What this task involves — Send back the records exactly as written, with no images.

Image-backed grounding data:
<<<<
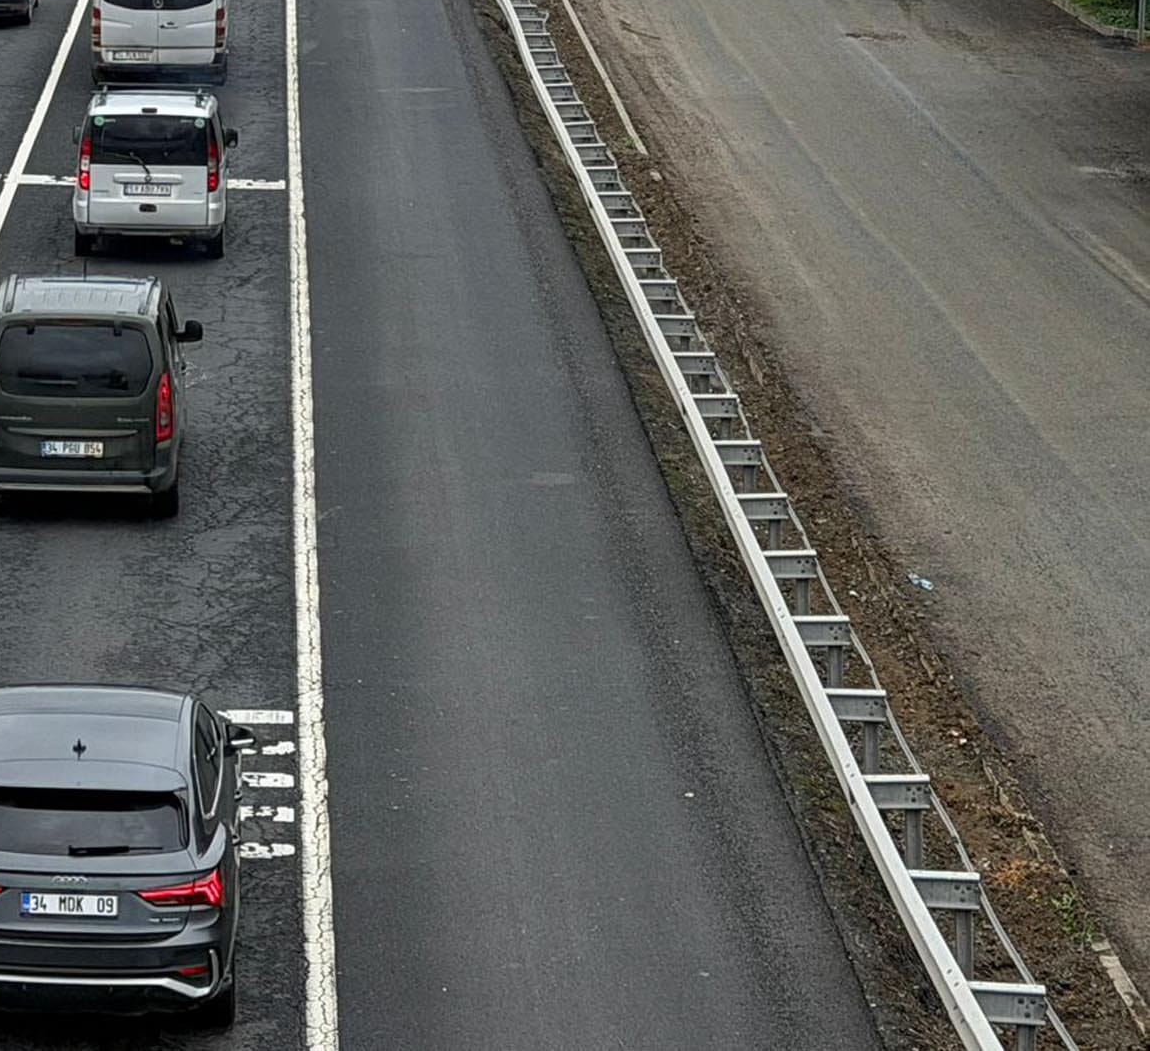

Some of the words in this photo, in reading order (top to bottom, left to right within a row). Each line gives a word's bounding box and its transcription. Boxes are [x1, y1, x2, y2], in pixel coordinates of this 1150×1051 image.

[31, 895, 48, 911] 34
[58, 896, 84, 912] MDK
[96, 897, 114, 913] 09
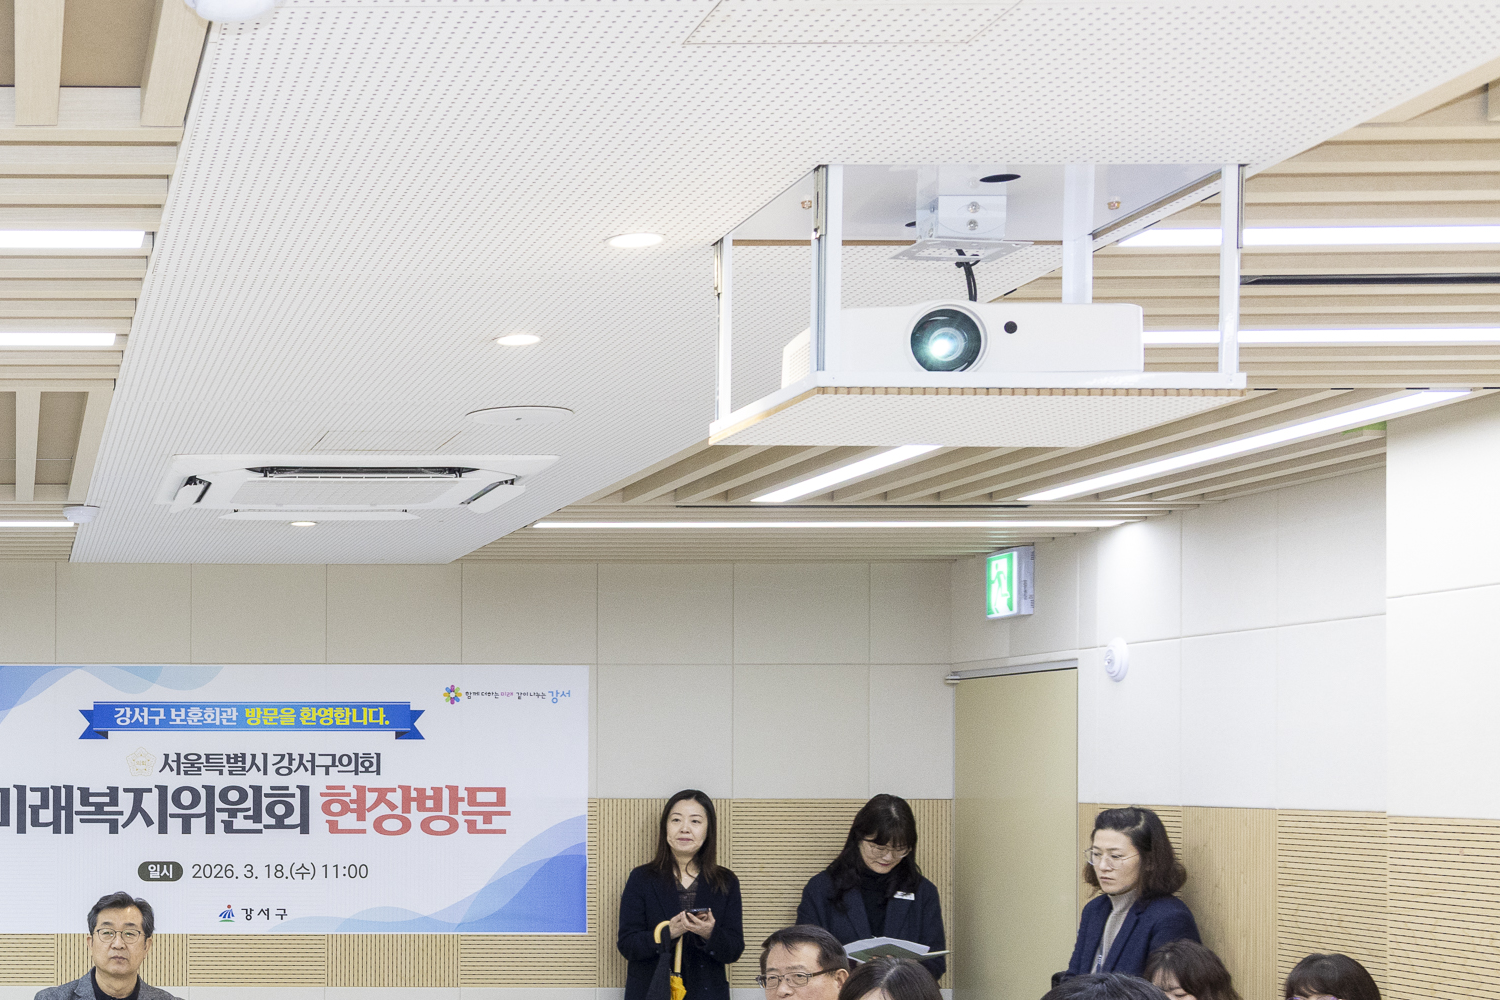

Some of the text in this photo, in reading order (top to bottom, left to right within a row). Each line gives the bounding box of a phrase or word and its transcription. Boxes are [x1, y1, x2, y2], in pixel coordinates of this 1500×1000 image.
>>>>
Answer section —
Some of the words in this photo, in reading order (top to bottom, left to right within a row). Each line gives a word's bounding box and its transcription. Boxes are [x1, y1, x2, y2], in pixel coordinates of this 1150×1051 image.

[31, 895, 48, 911] 34
[58, 896, 84, 912] MDK
[96, 897, 114, 913] 09

Some of the text in this photo, in reading order (top to bottom, left to right within a row). Each line gives the bounding box of a phrase or word and its transcription. Boxes are [x1, y1, x2, y2], in pixel coordinates of this 1500×1000 image.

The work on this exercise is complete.